WORKING DATA Block Start
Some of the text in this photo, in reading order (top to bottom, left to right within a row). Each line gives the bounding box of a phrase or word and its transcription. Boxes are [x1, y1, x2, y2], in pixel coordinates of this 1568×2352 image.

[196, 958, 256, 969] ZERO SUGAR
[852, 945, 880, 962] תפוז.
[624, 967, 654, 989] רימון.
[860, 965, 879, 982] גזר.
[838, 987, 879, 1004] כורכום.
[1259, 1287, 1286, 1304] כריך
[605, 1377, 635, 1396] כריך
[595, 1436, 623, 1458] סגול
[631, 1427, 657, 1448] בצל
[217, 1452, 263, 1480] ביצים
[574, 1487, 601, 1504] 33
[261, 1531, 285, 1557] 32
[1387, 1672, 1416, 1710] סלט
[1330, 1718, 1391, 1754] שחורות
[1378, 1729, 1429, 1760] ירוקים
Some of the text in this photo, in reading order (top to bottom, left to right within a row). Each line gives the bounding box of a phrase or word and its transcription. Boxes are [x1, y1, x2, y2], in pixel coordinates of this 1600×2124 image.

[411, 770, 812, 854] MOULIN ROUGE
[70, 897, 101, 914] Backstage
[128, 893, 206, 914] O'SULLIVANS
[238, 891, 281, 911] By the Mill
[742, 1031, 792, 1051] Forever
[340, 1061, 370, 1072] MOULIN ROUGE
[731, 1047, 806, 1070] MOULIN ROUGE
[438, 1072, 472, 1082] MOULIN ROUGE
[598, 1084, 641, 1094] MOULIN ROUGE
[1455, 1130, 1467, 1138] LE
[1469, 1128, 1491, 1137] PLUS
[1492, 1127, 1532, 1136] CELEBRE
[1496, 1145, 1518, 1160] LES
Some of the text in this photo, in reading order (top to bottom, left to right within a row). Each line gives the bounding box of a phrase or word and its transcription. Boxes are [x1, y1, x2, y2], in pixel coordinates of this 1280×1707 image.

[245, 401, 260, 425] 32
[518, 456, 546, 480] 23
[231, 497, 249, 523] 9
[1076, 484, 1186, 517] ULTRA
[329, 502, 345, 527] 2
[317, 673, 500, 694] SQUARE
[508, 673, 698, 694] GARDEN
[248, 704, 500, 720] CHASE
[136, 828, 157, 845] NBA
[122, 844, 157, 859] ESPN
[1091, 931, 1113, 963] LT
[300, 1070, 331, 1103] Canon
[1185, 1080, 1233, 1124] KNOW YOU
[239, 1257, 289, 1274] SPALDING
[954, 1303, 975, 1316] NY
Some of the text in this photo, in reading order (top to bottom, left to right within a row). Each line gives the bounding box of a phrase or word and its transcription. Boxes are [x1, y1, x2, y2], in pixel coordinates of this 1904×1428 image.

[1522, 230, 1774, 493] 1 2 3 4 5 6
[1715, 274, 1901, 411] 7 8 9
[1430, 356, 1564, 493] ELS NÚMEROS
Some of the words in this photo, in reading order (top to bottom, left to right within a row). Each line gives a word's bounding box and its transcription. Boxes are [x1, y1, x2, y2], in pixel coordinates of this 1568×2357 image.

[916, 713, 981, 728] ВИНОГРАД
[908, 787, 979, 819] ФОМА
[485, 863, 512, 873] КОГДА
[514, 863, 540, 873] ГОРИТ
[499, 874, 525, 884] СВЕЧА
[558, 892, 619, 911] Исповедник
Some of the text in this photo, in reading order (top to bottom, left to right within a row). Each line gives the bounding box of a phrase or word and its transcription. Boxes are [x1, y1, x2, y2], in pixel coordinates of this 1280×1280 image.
WORKING DATA Block End
▶ _THE TASK_:
For each line in the data, set it down again exactly.

▶ _REPLY TO THE EXERCISE_:
Some of the text in this photo, in reading order (top to bottom, left to right within a row). Each line gives the bounding box of a phrase or word and its transcription. Boxes are [x1, y1, x2, y2], in pixel coordinates of this 1568×2352 image.

[196, 958, 256, 969] ZERO SUGAR
[852, 945, 880, 962] תפוז.
[624, 967, 654, 989] רימון.
[860, 965, 879, 982] גזר.
[838, 987, 879, 1004] כורכום.
[1259, 1287, 1286, 1304] כריך
[605, 1377, 635, 1396] כריך
[595, 1436, 623, 1458] סגול
[631, 1427, 657, 1448] בצל
[217, 1452, 263, 1480] ביצים
[574, 1487, 601, 1504] 33
[261, 1531, 285, 1557] 32
[1387, 1672, 1416, 1710] סלט
[1330, 1718, 1391, 1754] שחורות
[1378, 1729, 1429, 1760] ירוקים
Some of the text in this photo, in reading order (top to bottom, left to right within a row). Each line gives the bounding box of a phrase or word and its transcription. Boxes are [x1, y1, x2, y2], in pixel coordinates of this 1600×2124 image.

[411, 770, 812, 854] MOULIN ROUGE
[70, 897, 101, 914] Backstage
[128, 893, 206, 914] O'SULLIVANS
[238, 891, 281, 911] By the Mill
[742, 1031, 792, 1051] Forever
[340, 1061, 370, 1072] MOULIN ROUGE
[731, 1047, 806, 1070] MOULIN ROUGE
[438, 1072, 472, 1082] MOULIN ROUGE
[598, 1084, 641, 1094] MOULIN ROUGE
[1455, 1130, 1467, 1138] LE
[1469, 1128, 1491, 1137] PLUS
[1492, 1127, 1532, 1136] CELEBRE
[1496, 1145, 1518, 1160] LES
Some of the text in this photo, in reading order (top to bottom, left to right within a row). Each line gives the bounding box of a phrase or word and its transcription. Boxes are [x1, y1, x2, y2], in pixel coordinates of this 1280×1707 image.

[245, 401, 260, 425] 32
[518, 456, 546, 480] 23
[231, 497, 249, 523] 9
[1076, 484, 1186, 517] ULTRA
[329, 502, 345, 527] 2
[317, 673, 500, 694] SQUARE
[508, 673, 698, 694] GARDEN
[248, 704, 500, 720] CHASE
[136, 828, 157, 845] NBA
[122, 844, 157, 859] ESPN
[1091, 931, 1113, 963] LT
[300, 1070, 331, 1103] Canon
[1185, 1080, 1233, 1124] KNOW YOU
[239, 1257, 289, 1274] SPALDING
[954, 1303, 975, 1316] NY
Some of the text in this photo, in reading order (top to bottom, left to right within a row). Each line gives the bounding box of a phrase or word and its transcription. Boxes are [x1, y1, x2, y2], in pixel coordinates of this 1904×1428 image.

[1522, 230, 1774, 493] 1 2 3 4 5 6
[1715, 274, 1901, 411] 7 8 9
[1430, 356, 1564, 493] ELS NÚMEROS
Some of the words in this photo, in reading order (top to bottom, left to right within a row). Each line gives a word's bounding box and its transcription. Boxes are [x1, y1, x2, y2], in pixel coordinates of this 1568×2357 image.

[916, 713, 981, 728] ВИНОГРАД
[908, 787, 979, 819] ФОМА
[485, 863, 512, 873] КОГДА
[514, 863, 540, 873] ГОРИТ
[499, 874, 525, 884] СВЕЧА
[558, 892, 619, 911] Исповедник
Some of the text in this photo, in reading order (top to bottom, left to right within a row). Each line gives the bounding box of a phrase or word and its transcription. Boxes are [x1, y1, x2, y2], in pixel coordinates of this 1280×1280 image.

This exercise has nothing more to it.